For quite a few years, I’ve been railing about the evils of “consumer plantation” society, how foolish and immoral it is, the waste and pollution, the idiocy, the march of corporate feudalism, and the terrible problems all of the above will present for individuals and for society as a whole, etc.
But nowadays I’m a lot more serene. First of all, many more people are losing their naivete, and finally waking up to what is going on. Secondly, there’s little need to rail against the system, because it’s coming down on its own. All I have to do, is sit here, and wait. Global corporate “free-market” capitalism is creaky, corrupt, disconnected from the people. It is broken, and it is about to go away. As best as I can reckon, the future is coming to me, and it will fit me and my anarchist-socialist-hippie-treehugger-D.I.Y. kind, like a glove.
It will be, as it’s been said, “human-scale”.
Americans will no longer be consuming cheap plastic shit like drunken sailors on leave, and throwing away perfectly good and usable things just because they’re not “upscale” enough. The global economy will not be a giant game of Lotto or a huge Vegas table, riggged by the casino. Corporations will not buy and sell Congressmen, Senators, and Presidents like so many baseball cards. People will live close to the land and to each other. We will produce more than we consume, and do both of those locally.

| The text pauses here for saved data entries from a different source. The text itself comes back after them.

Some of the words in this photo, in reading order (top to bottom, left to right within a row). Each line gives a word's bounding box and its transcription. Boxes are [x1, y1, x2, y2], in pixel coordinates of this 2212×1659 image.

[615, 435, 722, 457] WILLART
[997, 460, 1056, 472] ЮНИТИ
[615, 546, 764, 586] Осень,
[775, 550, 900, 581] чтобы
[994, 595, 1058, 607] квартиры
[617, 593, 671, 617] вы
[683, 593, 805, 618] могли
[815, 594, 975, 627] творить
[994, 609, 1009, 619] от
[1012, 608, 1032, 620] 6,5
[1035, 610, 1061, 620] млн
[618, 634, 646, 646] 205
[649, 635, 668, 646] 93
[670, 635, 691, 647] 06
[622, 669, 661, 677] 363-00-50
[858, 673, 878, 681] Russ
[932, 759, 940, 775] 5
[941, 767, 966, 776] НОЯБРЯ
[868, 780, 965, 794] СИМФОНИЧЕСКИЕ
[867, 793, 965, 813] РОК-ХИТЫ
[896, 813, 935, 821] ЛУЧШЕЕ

Actually, it’s been said better:
“In the world I see – you are stalking elk through the damp canyon forests around the ruins of Rockefeller Center.
You’ll wear leather clothes that will last you the rest of your life.

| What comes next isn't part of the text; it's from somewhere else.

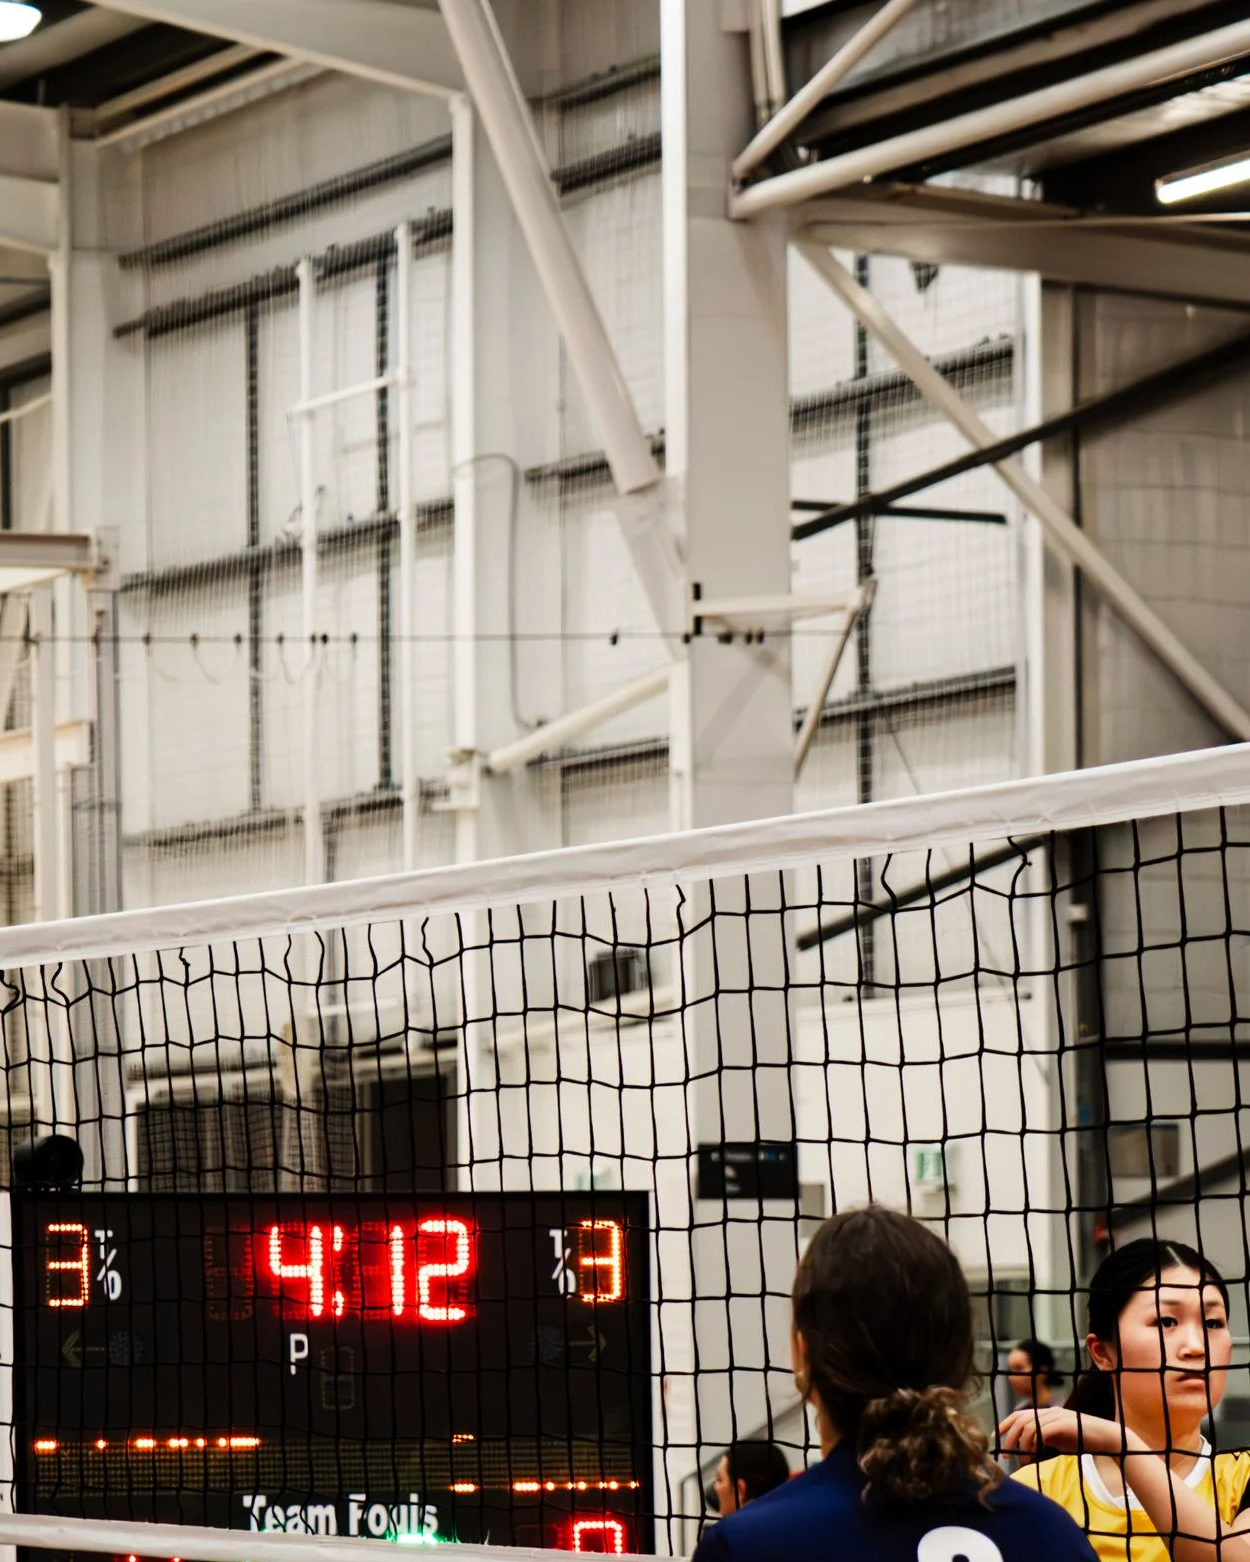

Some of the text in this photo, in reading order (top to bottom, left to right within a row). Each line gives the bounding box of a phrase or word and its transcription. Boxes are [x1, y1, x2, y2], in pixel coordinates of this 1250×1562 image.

[48, 1222, 89, 1307] 3
[580, 1219, 623, 1303] 3
[289, 1333, 309, 1376] P
[242, 1494, 338, 1537] Team

You’ll climb the wrist-thick kudzu vines that wrap the Sears Tower.
And when you look down, you’ll see tiny figures pounding corn; laying strips of venison on the empty car pool lane of some abandoned superhighway.”
Actually, I’m not convinced that civilization will collapse as completely as Tyler Durden predicted. I don’t think that’d be either possible or beneficial. Momentum counts for a lot, as does human nature and human desires. We’ll always have technology, specialization, cities, and complex social structures. But all of the above will be smaller, more distributed, more “people-powered”… more “human-scale”. That’s a positive thing.
Civilization is in for a long-overdue (and probably very dramatic) “correction”. At the end of it, the world will be the kind of place in which I, personally, will feel much more comfortable.
While somewhat more serene, I’m not yet optimistic, because I’m not at all convinced that the transition will be peaceful. Things could get very ugly before they get any better. But, then again, maybe not. Either way, I think we’ll survive it
At least, I can hope so, and try to do my part, and that’s all.